Thursday 3 November 2011

Virtual Philosophers

So, my internet problem seems to be fixed - yay! The past few weeks have aged me (literally), but now I'm back and can hopefully fall back into some vaguely regular pattern of posting. 

A few posts ago, I raised the issue of the necessity of shared time to a virtual world such as Second Life - you cannot interact "live" with other citizens of the virtual world if you are not together at the same time, and how time works seems to be one of the ways of defining whether or not something is a game, or a world, or...a glorified version of the Sims. There seems to be a lot of discourse out there on the subject (and a lot of it is written really neatly in Tom Boellstorff's "Coming of Age in Second Life"). 

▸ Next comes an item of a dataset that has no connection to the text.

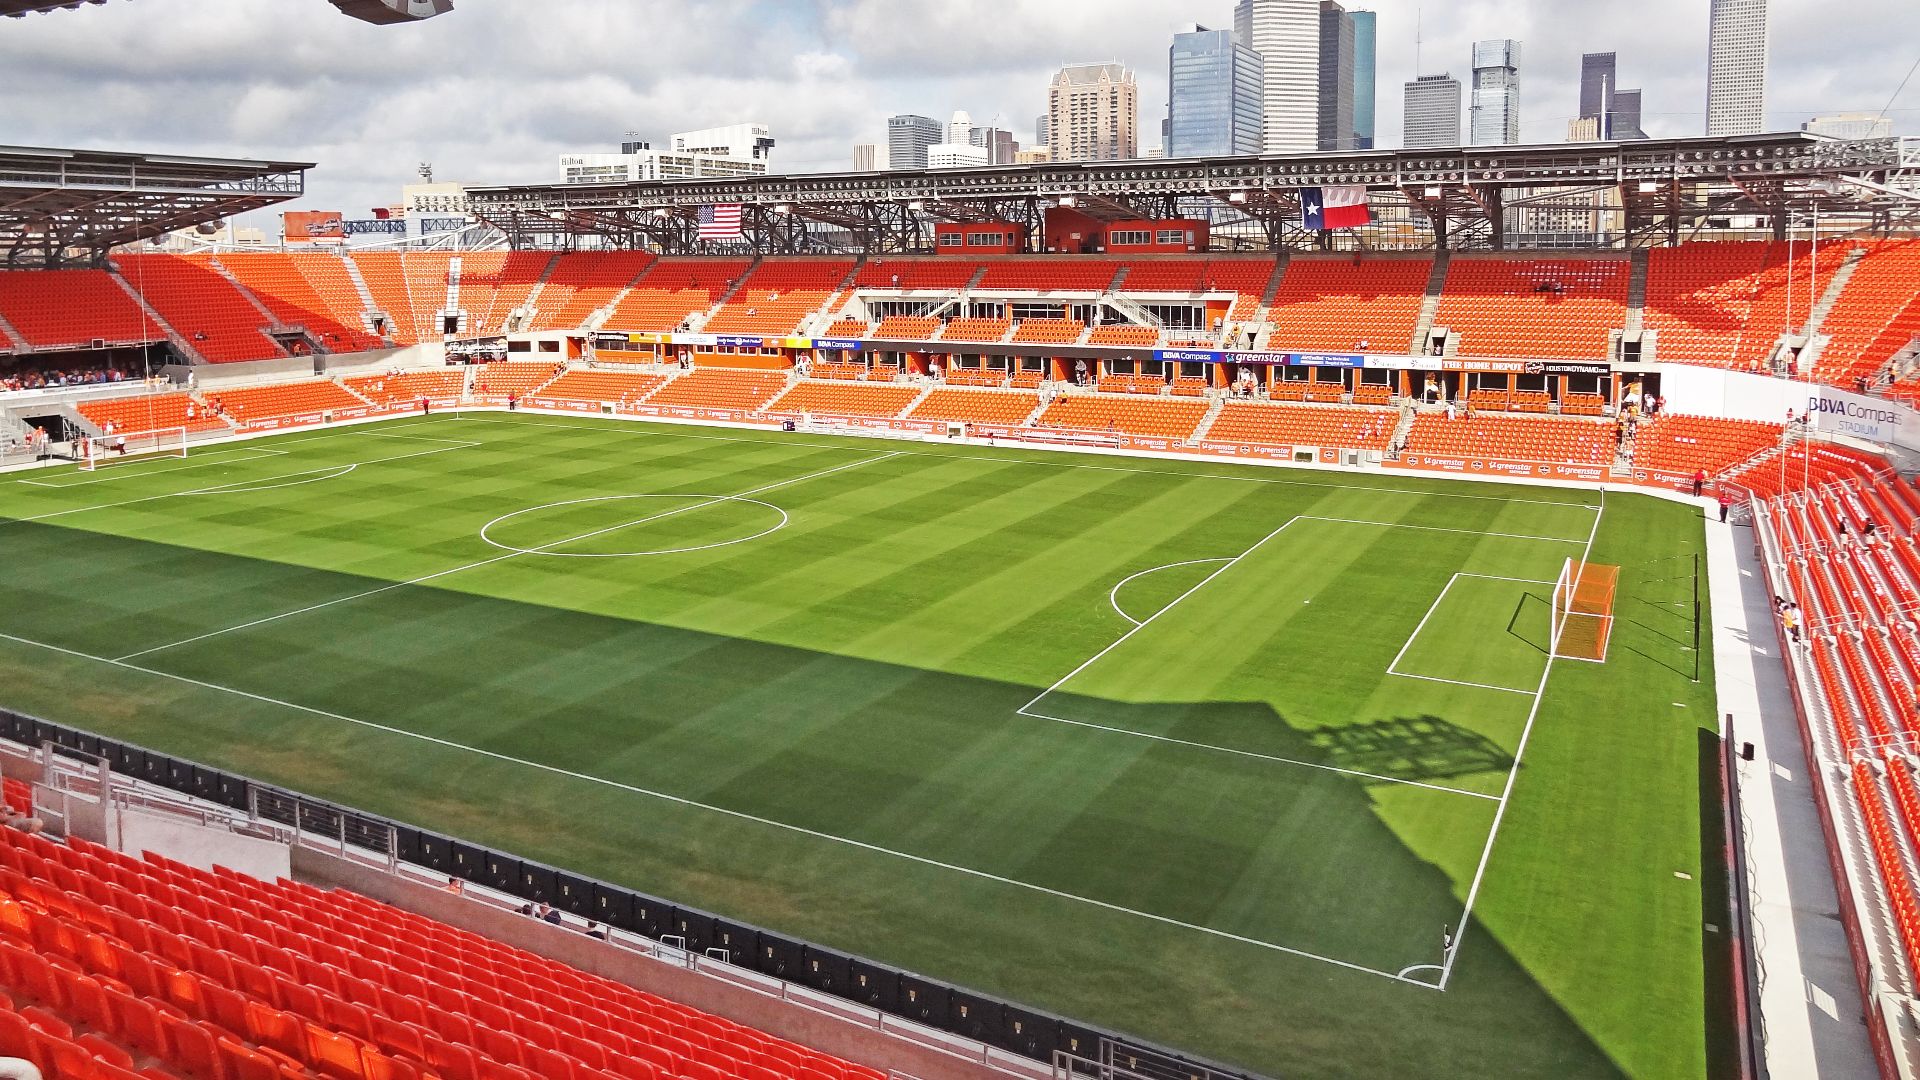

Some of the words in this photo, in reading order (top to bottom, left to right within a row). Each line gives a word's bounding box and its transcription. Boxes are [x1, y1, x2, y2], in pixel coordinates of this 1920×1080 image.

That is not to suggest, however, that there are not ways to interact with Second Life "residents", as Linden Labs calls them, when they are offline. The IM function allows messages to be stored until the user comes back online, and there is nothing stopping me making a new notecard (a notecard being like a WordPad file) and sending it to some of my offline friends, to be received and read when they come online. But that is much like sending emails, or using Windows Live Messenger, and I'm not sure that anybody would really consider either of those to be virtual worlds. Plains, maybe, but not worlds. 

That aside: the biggest enemy of any theory about shared time is lag. Lag is pretty much an accepted evil these days, it would seem, with it infecting almost everything that engages with the Internet. I seem to experience particularly high lag, since my laptop is not really up to running the Second Life Viewer, and my network connection is often under a lot of duress from my university housemates watching videos and probably using utorrent to download a whole bunch of stuff that they shouldn't. If I venture into a highly populated or intricately detailed area, it's highly unlikely that my laptop will be able to rez (load) the sim as it actually should be.  But that's pretty much "c'est la vie".

What does that mean for the concept of shared time? Can a virtual world be "declassified", so to speak, because it suffers with lag? Just within SL, it starts to raise a whole bunch of existential questions: if I change my hair from brown to red, but, because of lag, everyone around me can still see it as brown, is my hair really, in fact, brown? What colour does the Higher Being of the Linden Labs server really think my hair colour is? If, for example, Salix tries to take human form after being a dragon, but, on my screen I still see her as a dragon...which is she?! It is often things such as changing your hair, or your clothes, or your shape that offer the most obvious examples of lag. So is it how we see ourselves that matters, or how we are seen? How can we trust anything that we see? We are creating a generation of virtual philosophers over here!

We are also creating a generation of people who really, really cannot afford to take their (virtual) selves seriously - not when you are aware that, at times, you look like this:

I entered a new sim, and it couldn't load my clothes properly. How attractive.
Ah! My inner-clown is showing
Space seems to have leaked through the walls, and I got tango-d

You know I've got a whole folder of images like these. You just know it.